Try it
Your answer must be an exact copy of the entries below, with no pictures in it.

Task data
■ ■ ■ ■

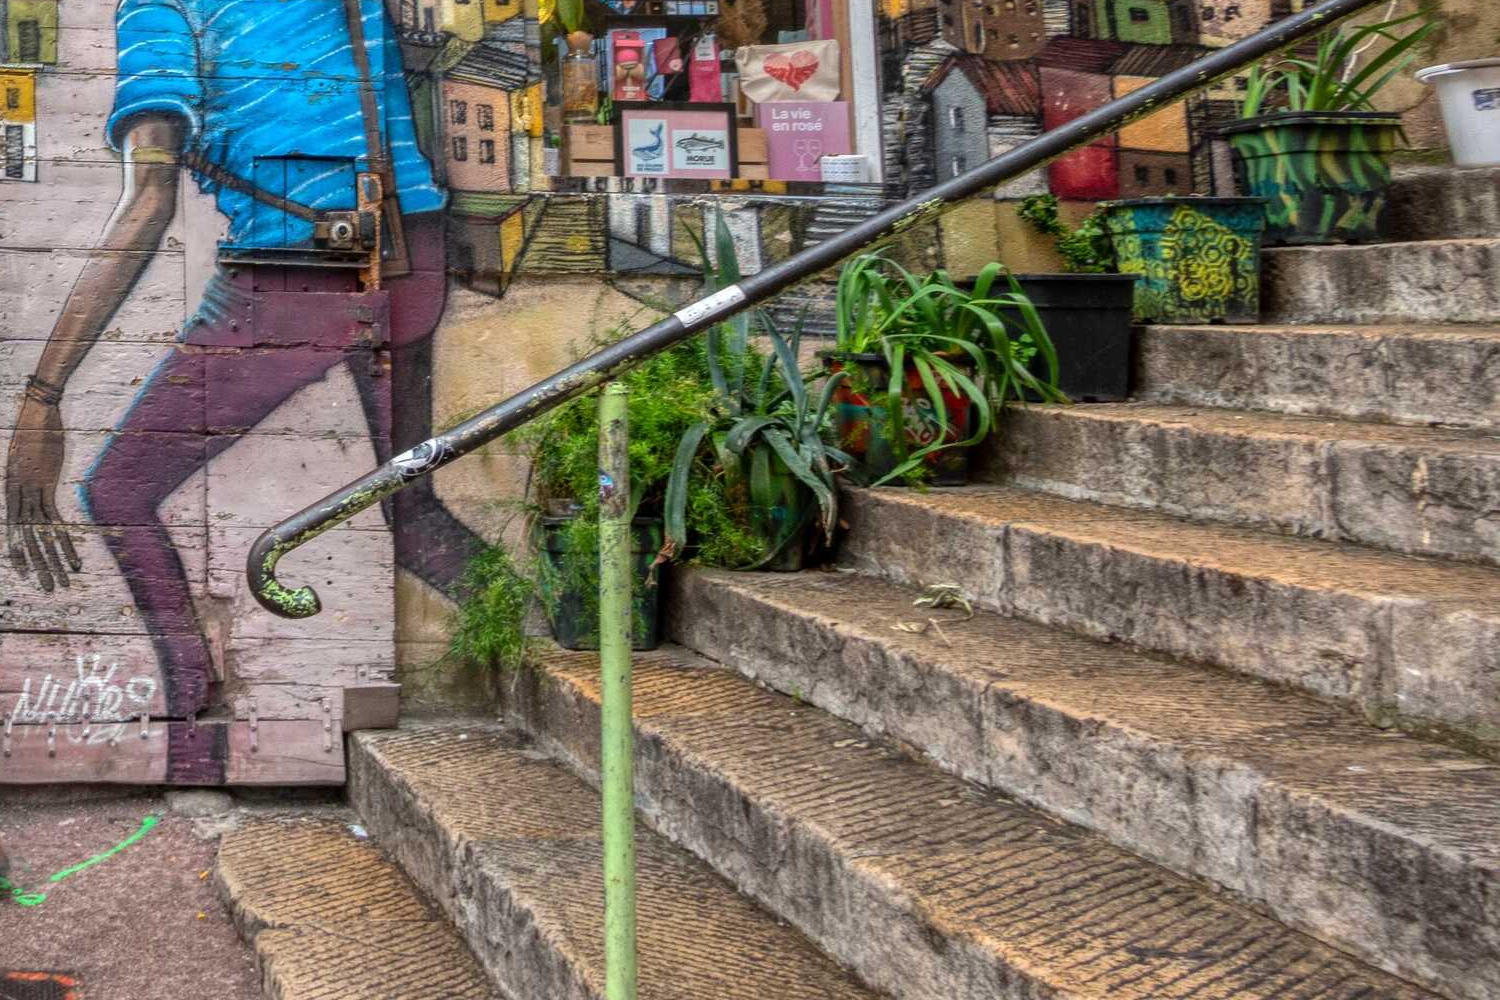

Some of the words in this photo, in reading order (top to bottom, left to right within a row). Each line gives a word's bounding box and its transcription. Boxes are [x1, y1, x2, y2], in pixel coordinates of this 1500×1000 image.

[771, 107, 789, 120] La
[790, 107, 812, 120] vie
[771, 121, 790, 132] en
[791, 118, 823, 132] rosé

■ ■ ■ ■

Result of the exercise
Some of the words in this photo, in reading order (top to bottom, left to right within a row). Each line gives a word's bounding box and its transcription. Boxes are [x1, y1, x2, y2], in pixel coordinates of this 1500×1000 image.

[771, 107, 789, 120] La
[790, 107, 812, 120] vie
[771, 121, 790, 132] en
[791, 118, 823, 132] rosé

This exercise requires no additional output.